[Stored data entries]

= = = =

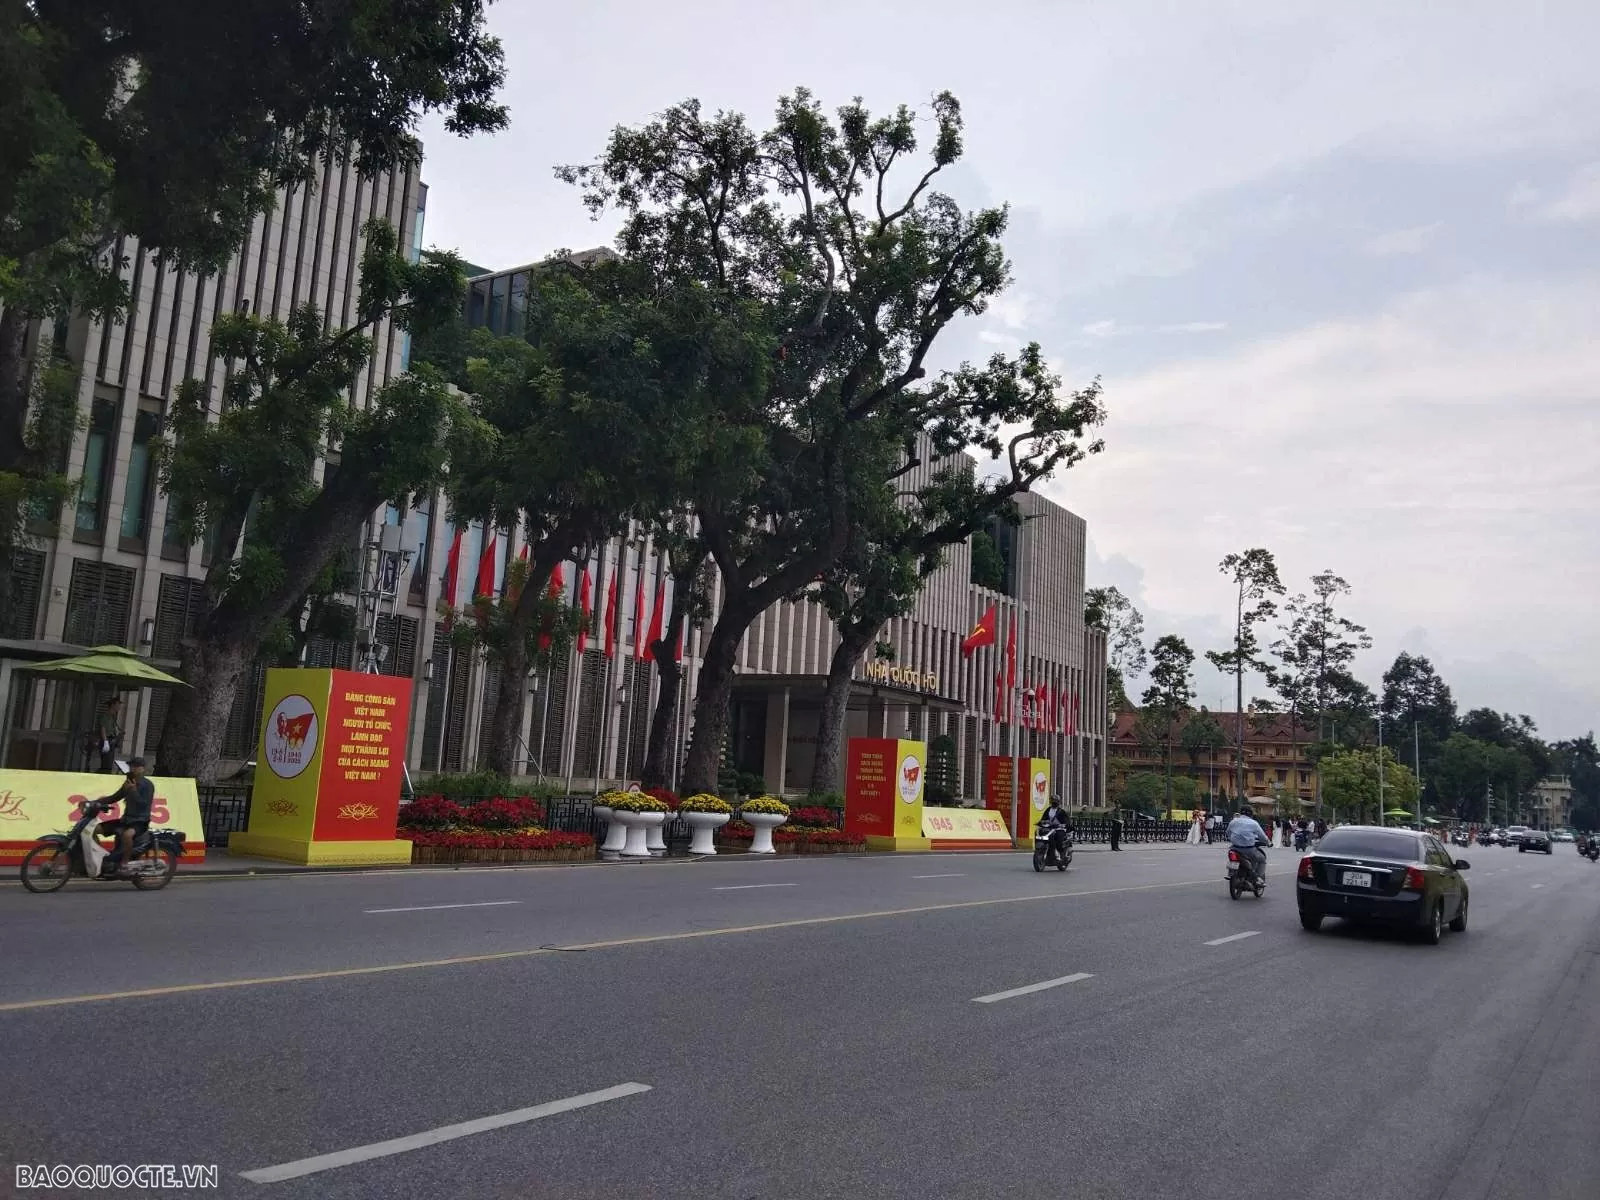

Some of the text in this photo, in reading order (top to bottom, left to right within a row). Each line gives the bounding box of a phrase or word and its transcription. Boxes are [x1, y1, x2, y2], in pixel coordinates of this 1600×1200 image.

[370, 708, 385, 717] NAM
[360, 771, 377, 780] NAM
[929, 816, 1002, 832] 1945 2025
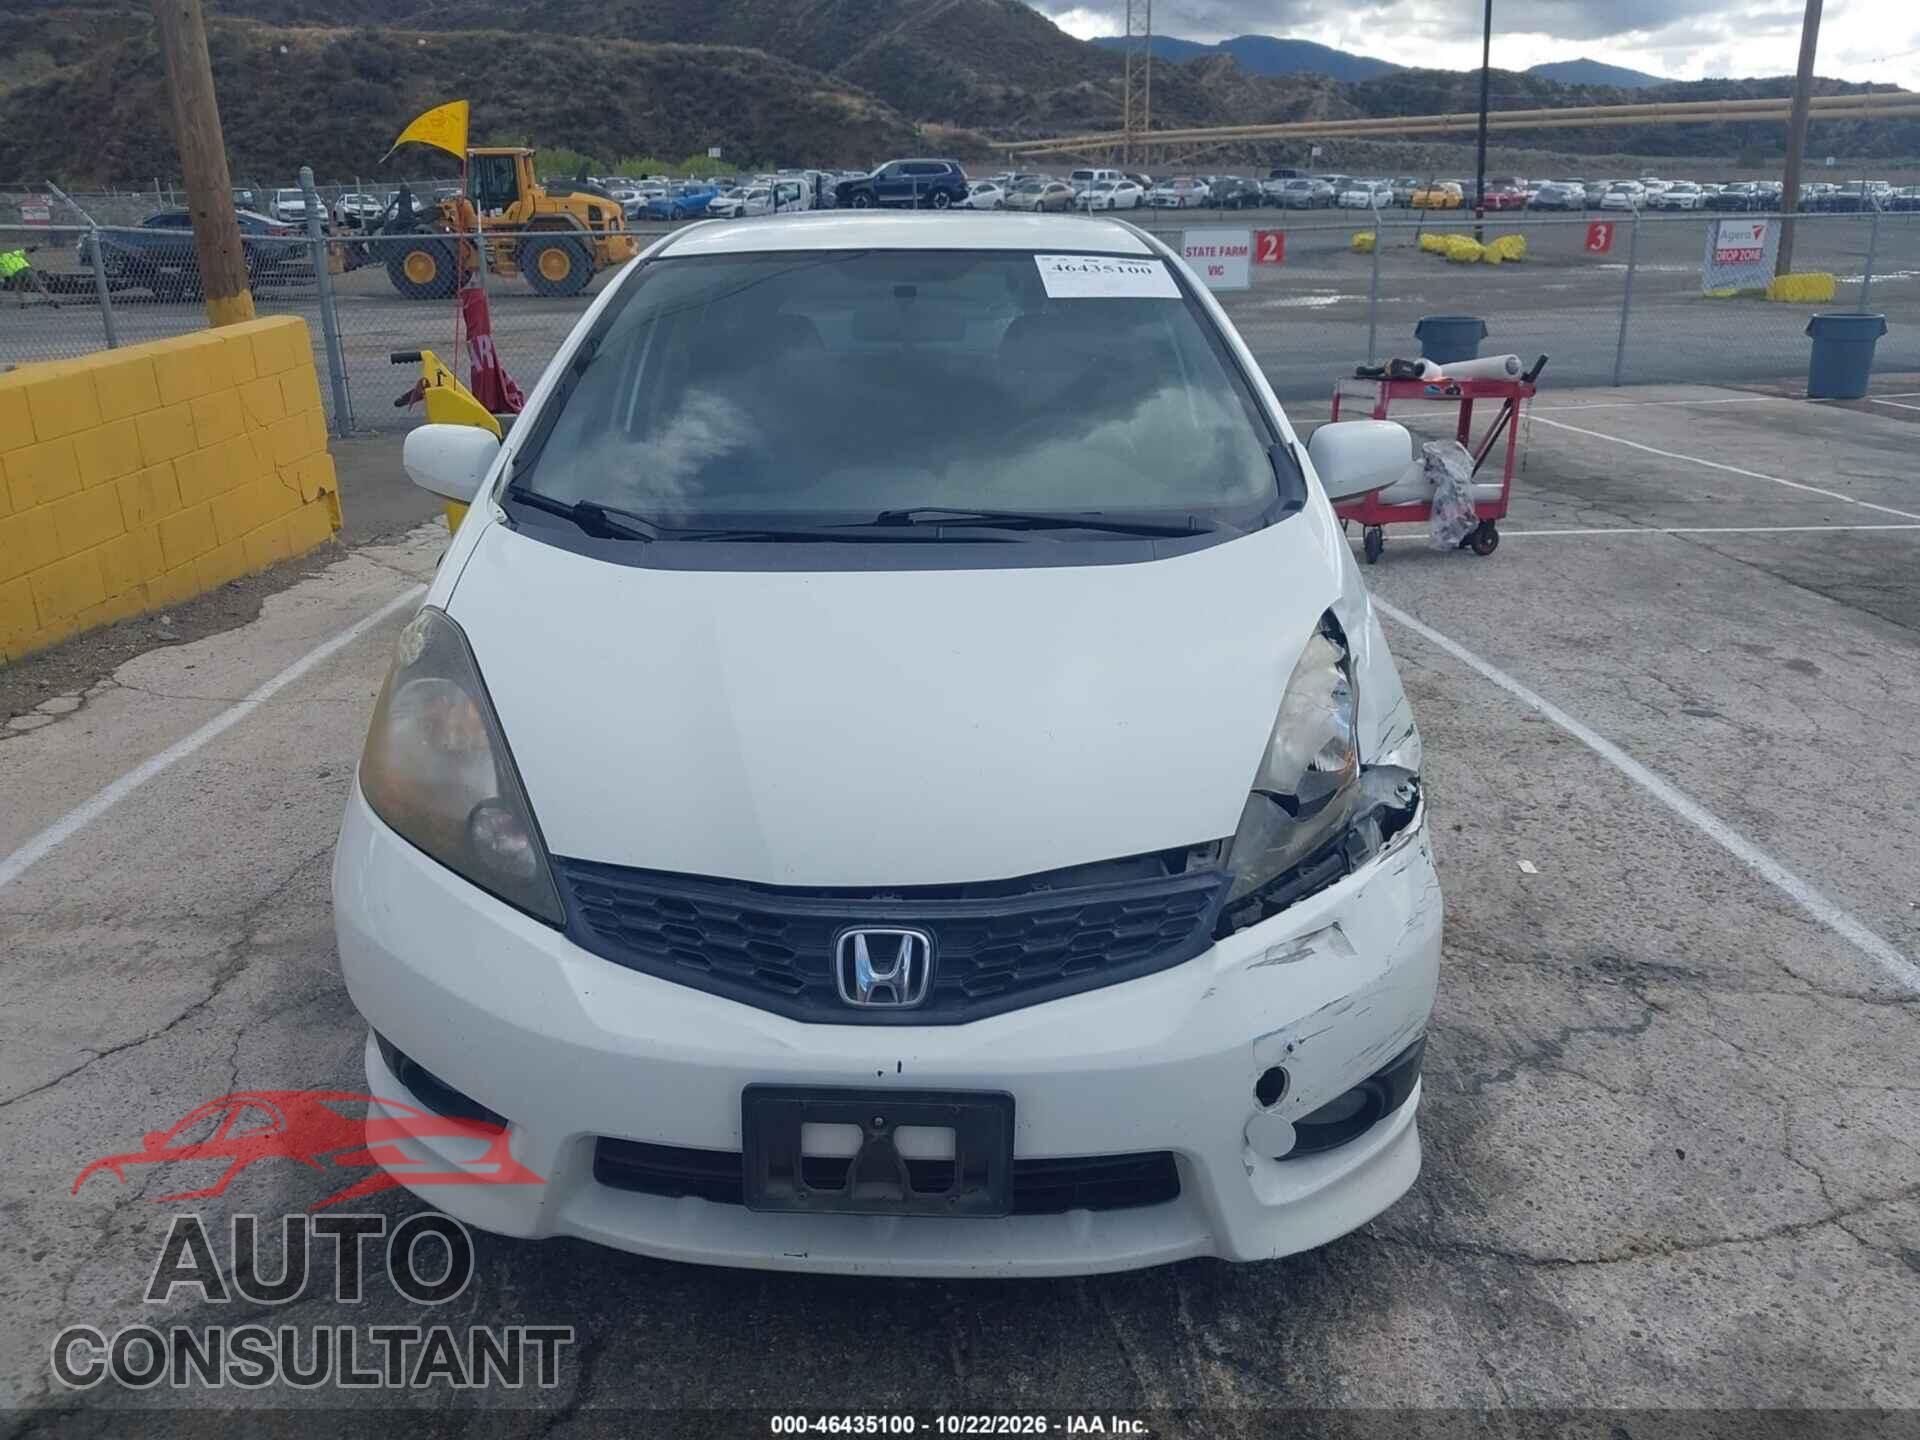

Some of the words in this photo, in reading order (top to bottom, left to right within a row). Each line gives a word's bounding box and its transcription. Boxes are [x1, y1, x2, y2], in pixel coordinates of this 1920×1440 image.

[1591, 225, 1607, 250] 3
[1185, 246, 1216, 257] STATE
[1219, 246, 1248, 257] FARM
[1263, 235, 1278, 261] 2
[1716, 249, 1737, 261] DROP
[1739, 249, 1761, 260] ZONE
[1208, 264, 1224, 276] VIC
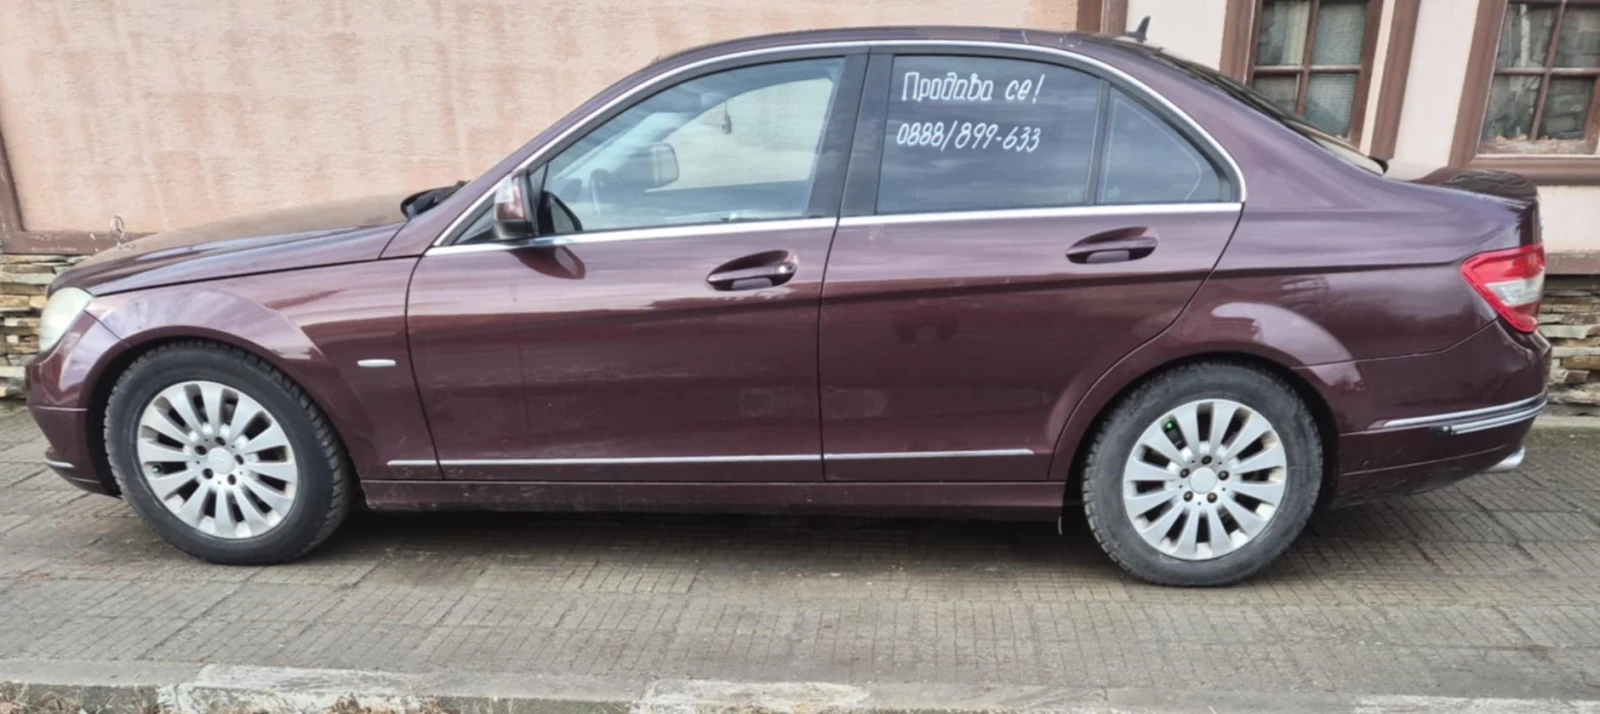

= = = =

Work task
All entries above are to be reproduced exactly, with no pictures.

Response to the exercise
Some of the text in this photo, in reading order (top to bottom, left to right within a row). Each line gives the bounding box of a phrase or word and its transcription. Boxes are [x1, y1, x2, y2], in pixel coordinates of this 1600×1200 image.

[370, 708, 385, 717] NAM
[360, 771, 377, 780] NAM
[929, 816, 1002, 832] 1945 2025

Some of the words in this photo, in reading order (top to bottom, left to right within a row). Each line gives a word's bounding box and its transcription. Boxes are [x1, y1, x2, y2], in pixel coordinates of this 1920×1440 image.

[1591, 225, 1607, 250] 3
[1185, 246, 1216, 257] STATE
[1219, 246, 1248, 257] FARM
[1263, 235, 1278, 261] 2
[1716, 249, 1737, 261] DROP
[1739, 249, 1761, 260] ZONE
[1208, 264, 1224, 276] VIC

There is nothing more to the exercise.